We were kind of a lone voice on this issue then. But since that time there has been an avalanche of data showing that our couch potato/desk jockey lifestyles are contributing to significant health problems – not just poor posture and backache but a higher risk of heart disease, diabetes, cancer, and even premature death.
This week the UK’s National Institute of Health and Care Excellence (NICE) published new advice that urged everyone with a duty of care to others, including employers, to “minimise” sedentary behaviour in the workplace by encouraging employees to move around as much as possible
At work this could include standing up during meetings, as well as encouraging more walking or cycling to events outside the workplace. It could even mean investing in stand-up desks or workstations.
According to NICE if more people were physically active, up to 37,000 premature deaths could be avoided each year.
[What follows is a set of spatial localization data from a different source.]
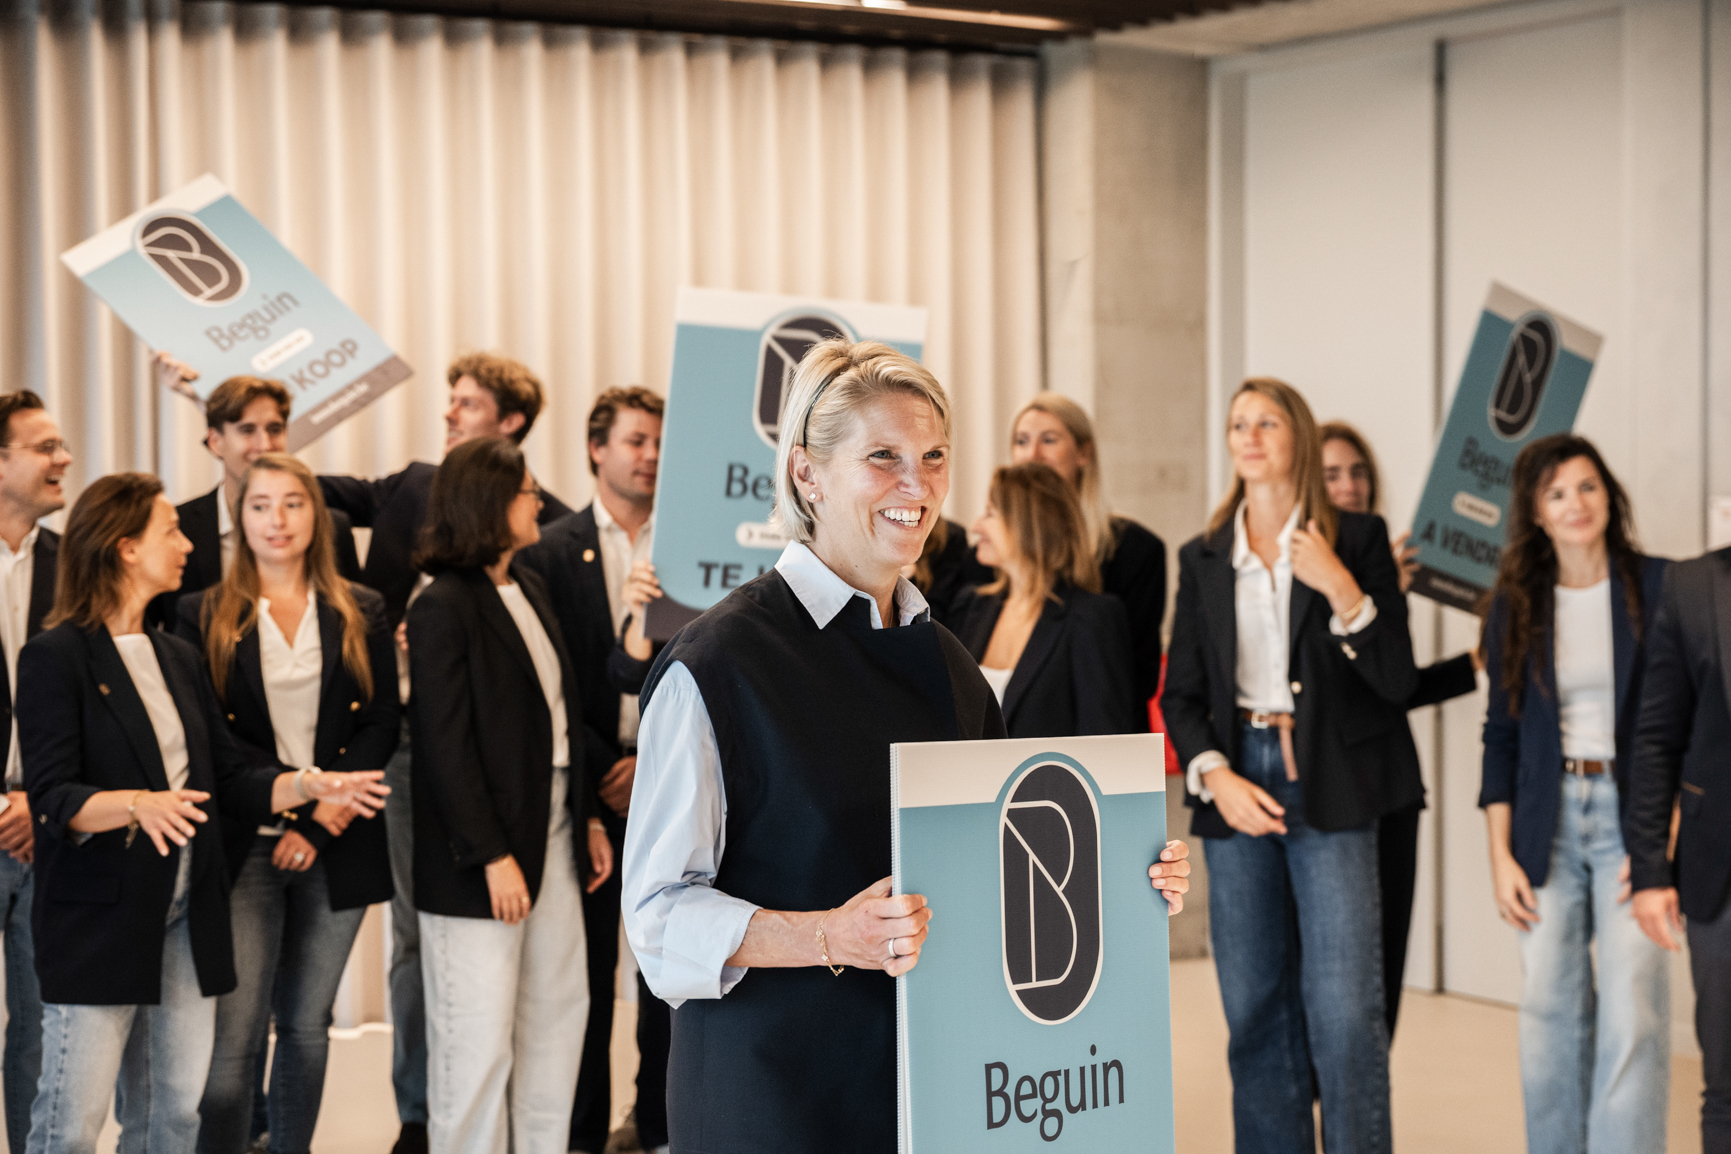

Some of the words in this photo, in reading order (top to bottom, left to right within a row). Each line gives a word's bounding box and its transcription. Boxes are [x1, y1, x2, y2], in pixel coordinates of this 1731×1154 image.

[204, 291, 300, 353] Beguin
[290, 338, 358, 391] KOOP
[725, 462, 776, 501] Be
[1458, 435, 1512, 491] Begu
[1440, 525, 1501, 568] VENDR
[698, 561, 743, 589] TE
[984, 1043, 1125, 1142] Beguin
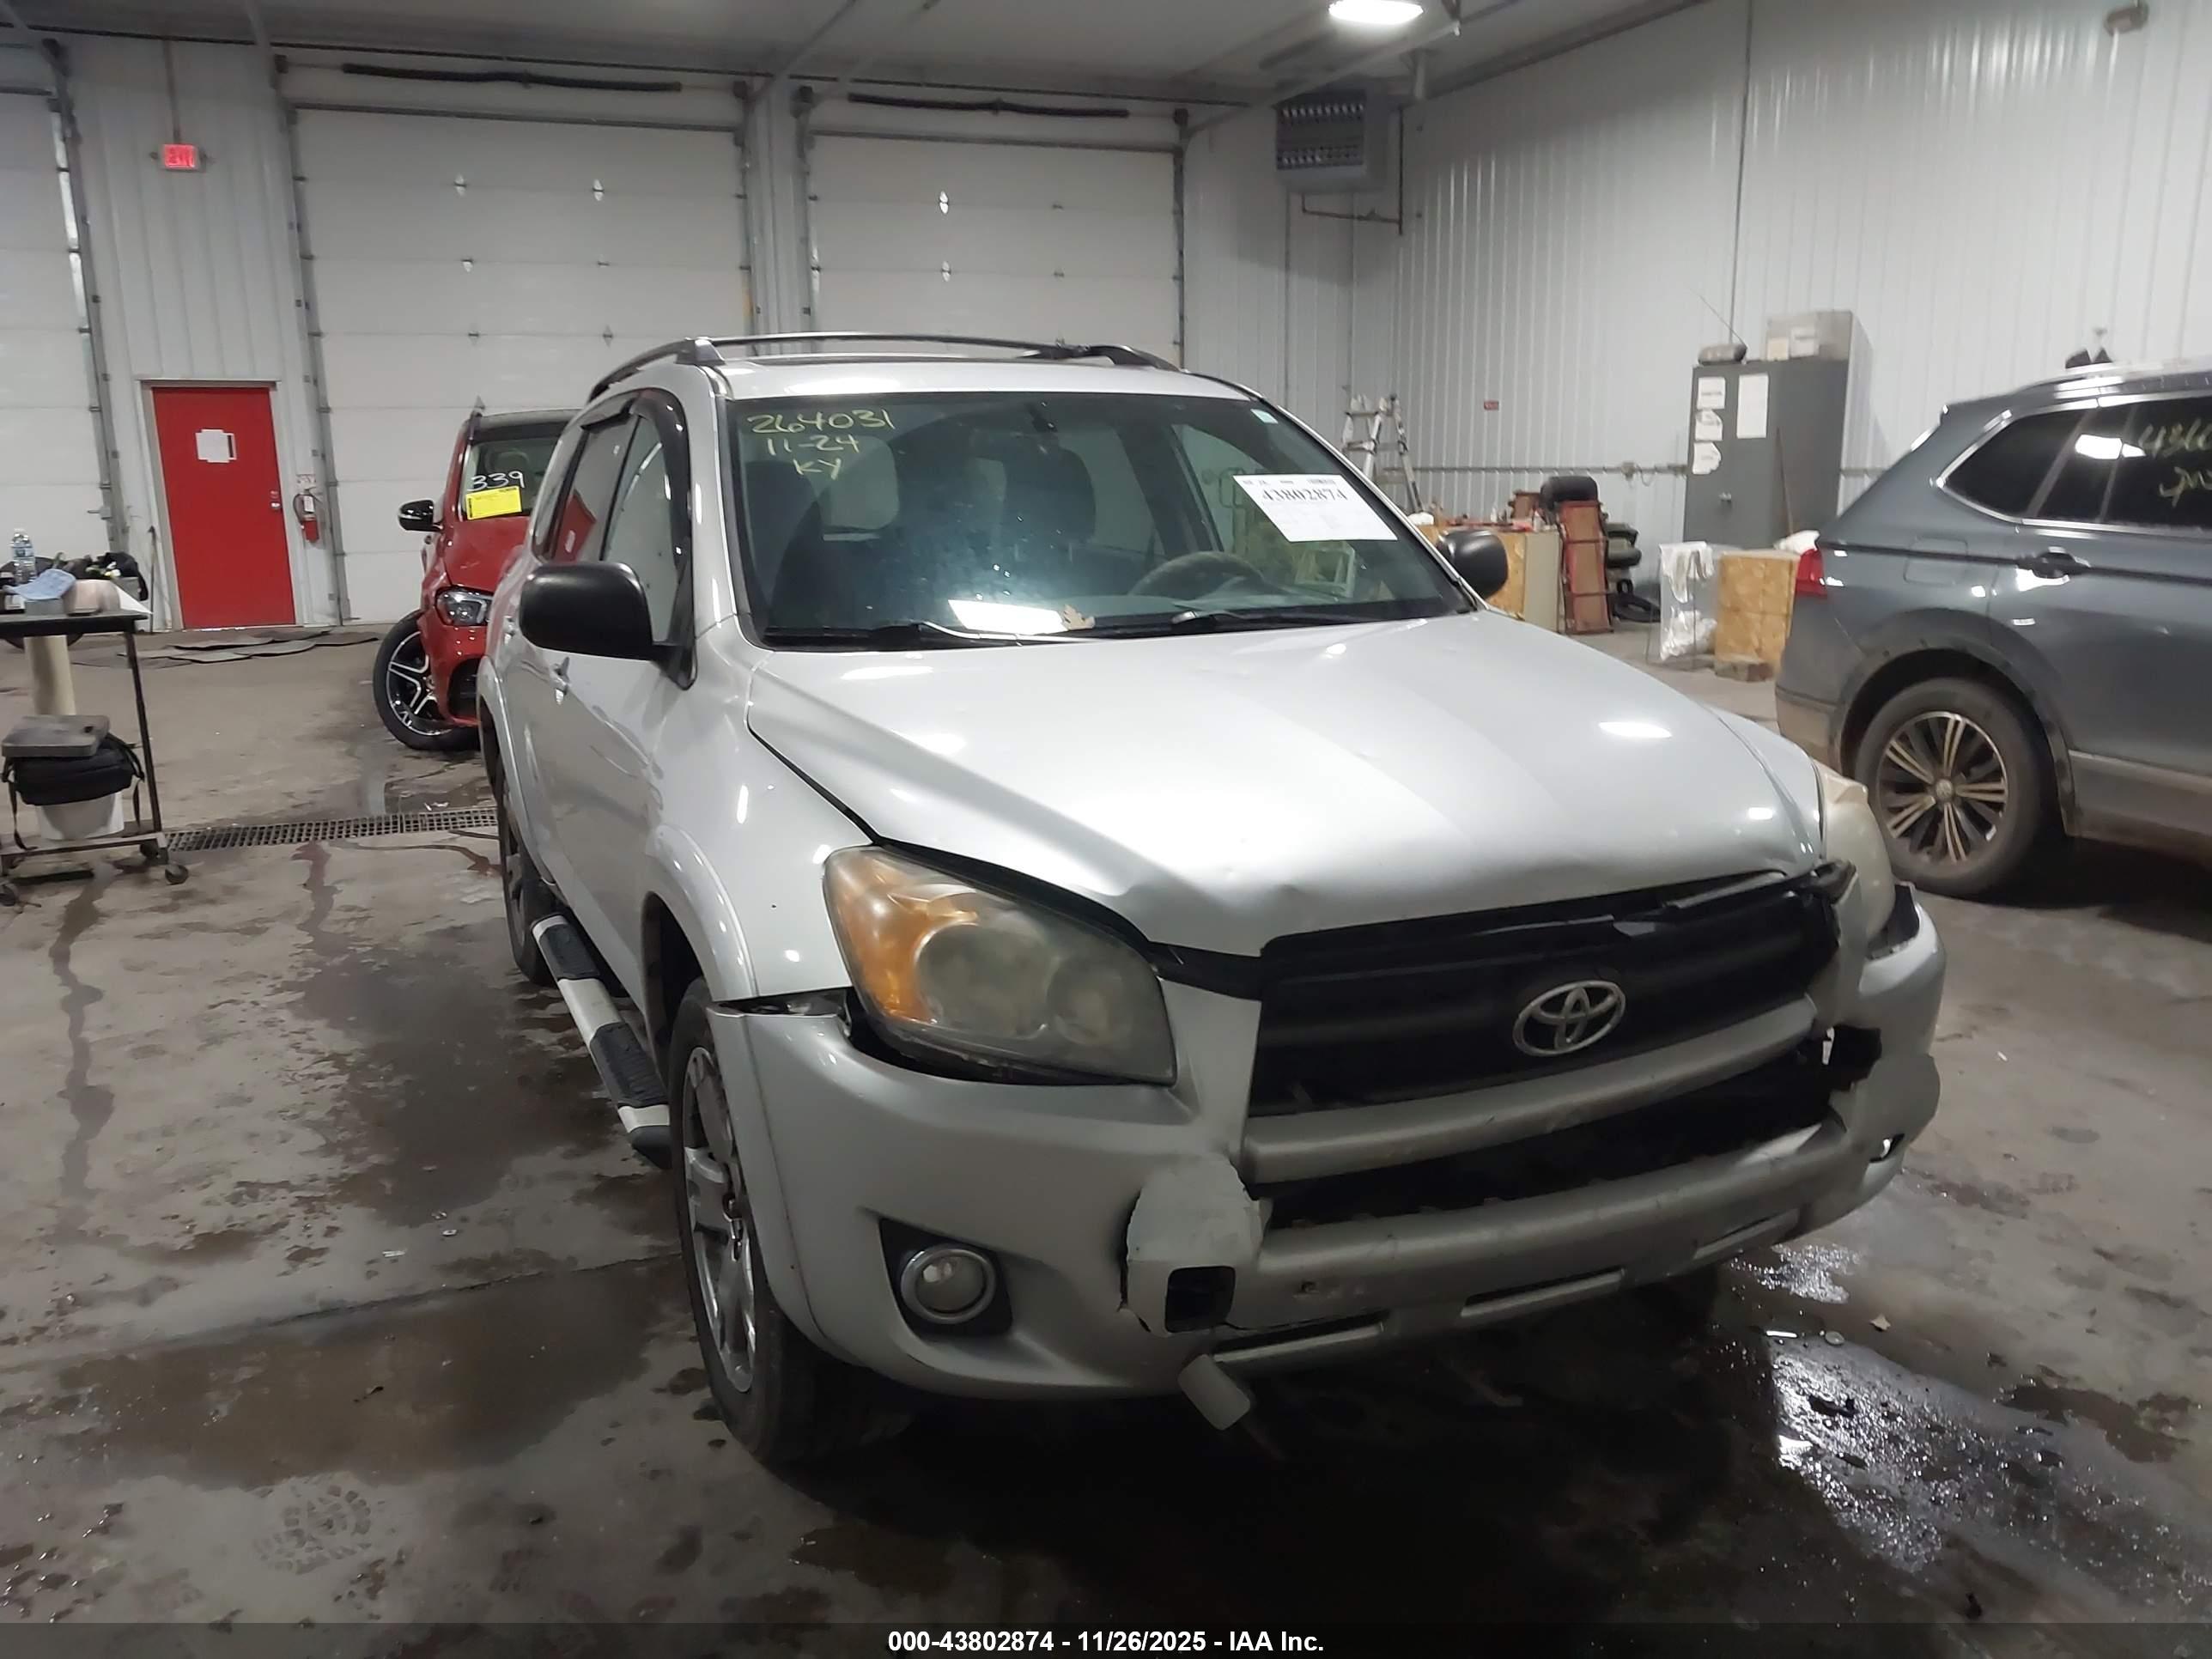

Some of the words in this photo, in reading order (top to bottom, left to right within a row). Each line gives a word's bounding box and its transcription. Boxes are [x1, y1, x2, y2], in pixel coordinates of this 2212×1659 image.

[746, 409, 896, 434] 264031
[766, 434, 860, 456] 11-24
[466, 470, 526, 492] 339
[1262, 489, 1349, 501] 43802874
The NICE advice comes as a new report from the Commons Health Select Committee shows that Britain is one of the most sedentary countries in the world.
Almost two in three people in Britain do not manage 20 minutes vigorous activity three times a week, and walking trips have decreased by 30% since 1995.
The Parliamentary report “regards it as inexplicable and unacceptable that the NHS is now spending more on bariatric surgery for obesity than on a national roll-out of intensive lifestyle intervention programmes that were first shown to cut obesity and prevent diabetes over a decade ago.”
The figures on the impact of our sloth are startling.
There is evidence that those who sit for most of the day are 54% more likely to die of heart attacks during that time. That scary statistic held true even if the people in the study were non-smokers and regular exercisers.
Another large study found the death rate for those who spent six or more hours a day sitting was 20% higher than for men who sat for three hours or less. For women, the difference was 40%.
And there’s a catch because increasingly the data is showing that sitting is an independent risk factor for poor health. In other words sitting for a long time is bad for your health, even if you are an active individual. So even if you exercise for an hour a day each day, what you do for the other 23 hours is still influential.
On the plus side engaging in at least an hour of vigorous physical activity every day can lower a woman’s risk of breast cancer by 25%, moderate walking by 14%
There is also good evidence that moving around more is good for the brain, helping to alleviate depression and also maintain memory and communication skills.
For the average adult, standing burns more calories and involves more muscular contraction than sitting. One study reported 2.5 times higher average muscular activity of the thigh when standing compared to sitting. This is important for improving blood sugar control and heart health.
The only caveat is that prolonged standing can also have adverse health effects. Compared to sitting, when we stand, our hearts and circulatory systems work harder to maintain blood flow to the brain, because they are countering the effects of gravity. Standing still for long periods of time can lead to swelling, heaviness or cramping of the legs.
As with all things balance – between energy expenditure and rest, between movement and stillness – is the key. But one this is increasingly clear: our bodies were made to move. When we deny them this primary function they will eventually break down.